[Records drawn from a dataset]
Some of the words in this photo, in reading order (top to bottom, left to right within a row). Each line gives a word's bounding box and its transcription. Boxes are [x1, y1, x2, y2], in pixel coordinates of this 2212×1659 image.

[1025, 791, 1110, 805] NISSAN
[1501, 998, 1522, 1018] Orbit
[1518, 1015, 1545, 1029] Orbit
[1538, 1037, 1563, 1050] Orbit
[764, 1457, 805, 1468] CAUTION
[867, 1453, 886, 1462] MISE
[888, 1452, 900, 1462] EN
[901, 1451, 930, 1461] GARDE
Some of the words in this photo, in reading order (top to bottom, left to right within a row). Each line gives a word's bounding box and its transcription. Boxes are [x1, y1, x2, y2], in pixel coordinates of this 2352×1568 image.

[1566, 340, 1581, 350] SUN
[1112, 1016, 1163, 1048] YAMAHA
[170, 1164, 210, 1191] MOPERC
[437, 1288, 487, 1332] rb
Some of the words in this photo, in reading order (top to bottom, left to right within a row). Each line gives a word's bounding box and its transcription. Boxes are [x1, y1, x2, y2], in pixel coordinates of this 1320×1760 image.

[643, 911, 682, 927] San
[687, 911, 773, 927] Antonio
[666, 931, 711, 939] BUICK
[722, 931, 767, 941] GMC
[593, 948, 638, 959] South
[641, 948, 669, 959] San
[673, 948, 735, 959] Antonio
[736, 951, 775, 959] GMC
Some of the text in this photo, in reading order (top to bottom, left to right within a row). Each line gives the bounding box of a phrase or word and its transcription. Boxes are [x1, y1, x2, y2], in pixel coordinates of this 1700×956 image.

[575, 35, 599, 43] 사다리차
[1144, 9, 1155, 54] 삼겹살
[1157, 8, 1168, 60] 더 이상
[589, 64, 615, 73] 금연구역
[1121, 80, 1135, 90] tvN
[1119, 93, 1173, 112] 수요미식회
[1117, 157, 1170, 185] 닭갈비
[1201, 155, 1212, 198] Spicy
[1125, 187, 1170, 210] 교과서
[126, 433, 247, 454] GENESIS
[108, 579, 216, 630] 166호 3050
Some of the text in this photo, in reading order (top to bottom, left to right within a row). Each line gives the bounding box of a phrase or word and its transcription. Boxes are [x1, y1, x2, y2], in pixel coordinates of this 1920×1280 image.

=== WHAT YOU SHOULD DO ===
Your answer should be all of the records, transcribed exactly.

=== SOLUTION ===
Some of the words in this photo, in reading order (top to bottom, left to right within a row). Each line gives a word's bounding box and its transcription. Boxes are [x1, y1, x2, y2], in pixel coordinates of this 2212×1659 image.

[1025, 791, 1110, 805] NISSAN
[1501, 998, 1522, 1018] Orbit
[1518, 1015, 1545, 1029] Orbit
[1538, 1037, 1563, 1050] Orbit
[764, 1457, 805, 1468] CAUTION
[867, 1453, 886, 1462] MISE
[888, 1452, 900, 1462] EN
[901, 1451, 930, 1461] GARDE
Some of the words in this photo, in reading order (top to bottom, left to right within a row). Each line gives a word's bounding box and its transcription. Boxes are [x1, y1, x2, y2], in pixel coordinates of this 2352×1568 image.

[1566, 340, 1581, 350] SUN
[1112, 1016, 1163, 1048] YAMAHA
[170, 1164, 210, 1191] MOPERC
[437, 1288, 487, 1332] rb
Some of the words in this photo, in reading order (top to bottom, left to right within a row). Each line gives a word's bounding box and its transcription. Boxes are [x1, y1, x2, y2], in pixel coordinates of this 1320×1760 image.

[643, 911, 682, 927] San
[687, 911, 773, 927] Antonio
[666, 931, 711, 939] BUICK
[722, 931, 767, 941] GMC
[593, 948, 638, 959] South
[641, 948, 669, 959] San
[673, 948, 735, 959] Antonio
[736, 951, 775, 959] GMC
Some of the text in this photo, in reading order (top to bottom, left to right within a row). Each line gives the bounding box of a phrase or word and its transcription. Boxes are [x1, y1, x2, y2], in pixel coordinates of this 1700×956 image.

[575, 35, 599, 43] 사다리차
[1144, 9, 1155, 54] 삼겹살
[1157, 8, 1168, 60] 더 이상
[589, 64, 615, 73] 금연구역
[1121, 80, 1135, 90] tvN
[1119, 93, 1173, 112] 수요미식회
[1117, 157, 1170, 185] 닭갈비
[1201, 155, 1212, 198] Spicy
[1125, 187, 1170, 210] 교과서
[126, 433, 247, 454] GENESIS
[108, 579, 216, 630] 166호 3050
Some of the text in this photo, in reading order (top to bottom, left to right within a row). Each line gives the bounding box of a phrase or word and its transcription. Boxes are [x1, y1, x2, y2], in pixel coordinates of this 1920×1280 image.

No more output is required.